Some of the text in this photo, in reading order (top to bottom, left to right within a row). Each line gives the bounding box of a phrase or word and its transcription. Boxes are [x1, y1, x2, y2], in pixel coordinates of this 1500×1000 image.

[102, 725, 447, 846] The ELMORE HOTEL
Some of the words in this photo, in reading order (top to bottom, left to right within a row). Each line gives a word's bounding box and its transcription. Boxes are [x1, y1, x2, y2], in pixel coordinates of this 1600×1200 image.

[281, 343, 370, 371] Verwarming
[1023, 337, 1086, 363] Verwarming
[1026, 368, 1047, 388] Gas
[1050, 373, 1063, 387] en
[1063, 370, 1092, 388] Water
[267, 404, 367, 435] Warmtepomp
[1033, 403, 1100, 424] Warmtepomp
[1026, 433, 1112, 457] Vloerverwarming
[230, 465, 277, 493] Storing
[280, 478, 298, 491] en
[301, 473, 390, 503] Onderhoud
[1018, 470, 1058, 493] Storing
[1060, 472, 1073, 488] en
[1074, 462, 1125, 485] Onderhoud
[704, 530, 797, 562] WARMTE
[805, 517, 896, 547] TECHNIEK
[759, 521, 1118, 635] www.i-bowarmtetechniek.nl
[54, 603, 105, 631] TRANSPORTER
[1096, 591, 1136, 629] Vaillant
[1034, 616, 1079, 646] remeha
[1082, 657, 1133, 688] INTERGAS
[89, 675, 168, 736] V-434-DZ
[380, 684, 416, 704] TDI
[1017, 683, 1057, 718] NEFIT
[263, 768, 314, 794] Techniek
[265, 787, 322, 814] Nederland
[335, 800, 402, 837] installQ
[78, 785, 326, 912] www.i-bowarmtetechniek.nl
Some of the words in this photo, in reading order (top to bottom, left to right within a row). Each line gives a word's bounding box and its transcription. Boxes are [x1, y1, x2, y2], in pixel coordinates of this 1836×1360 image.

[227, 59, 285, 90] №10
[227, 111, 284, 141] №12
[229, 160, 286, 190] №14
□ □ □ □
Directions for this task: Each line of the data above is to be set down exactly.

Solution:
Some of the text in this photo, in reading order (top to bottom, left to right within a row). Each line gives the bounding box of a phrase or word and its transcription. Boxes are [x1, y1, x2, y2], in pixel coordinates of this 1500×1000 image.

[102, 725, 447, 846] The ELMORE HOTEL
Some of the words in this photo, in reading order (top to bottom, left to right within a row). Each line gives a word's bounding box and its transcription. Boxes are [x1, y1, x2, y2], in pixel coordinates of this 1600×1200 image.

[281, 343, 370, 371] Verwarming
[1023, 337, 1086, 363] Verwarming
[1026, 368, 1047, 388] Gas
[1050, 373, 1063, 387] en
[1063, 370, 1092, 388] Water
[267, 404, 367, 435] Warmtepomp
[1033, 403, 1100, 424] Warmtepomp
[1026, 433, 1112, 457] Vloerverwarming
[230, 465, 277, 493] Storing
[280, 478, 298, 491] en
[301, 473, 390, 503] Onderhoud
[1018, 470, 1058, 493] Storing
[1060, 472, 1073, 488] en
[1074, 462, 1125, 485] Onderhoud
[704, 530, 797, 562] WARMTE
[805, 517, 896, 547] TECHNIEK
[759, 521, 1118, 635] www.i-bowarmtetechniek.nl
[54, 603, 105, 631] TRANSPORTER
[1096, 591, 1136, 629] Vaillant
[1034, 616, 1079, 646] remeha
[1082, 657, 1133, 688] INTERGAS
[89, 675, 168, 736] V-434-DZ
[380, 684, 416, 704] TDI
[1017, 683, 1057, 718] NEFIT
[263, 768, 314, 794] Techniek
[265, 787, 322, 814] Nederland
[335, 800, 402, 837] installQ
[78, 785, 326, 912] www.i-bowarmtetechniek.nl
Some of the words in this photo, in reading order (top to bottom, left to right within a row). Each line gives a word's bounding box and its transcription. Boxes are [x1, y1, x2, y2], in pixel coordinates of this 1836×1360 image.

[227, 59, 285, 90] №10
[227, 111, 284, 141] №12
[229, 160, 286, 190] №14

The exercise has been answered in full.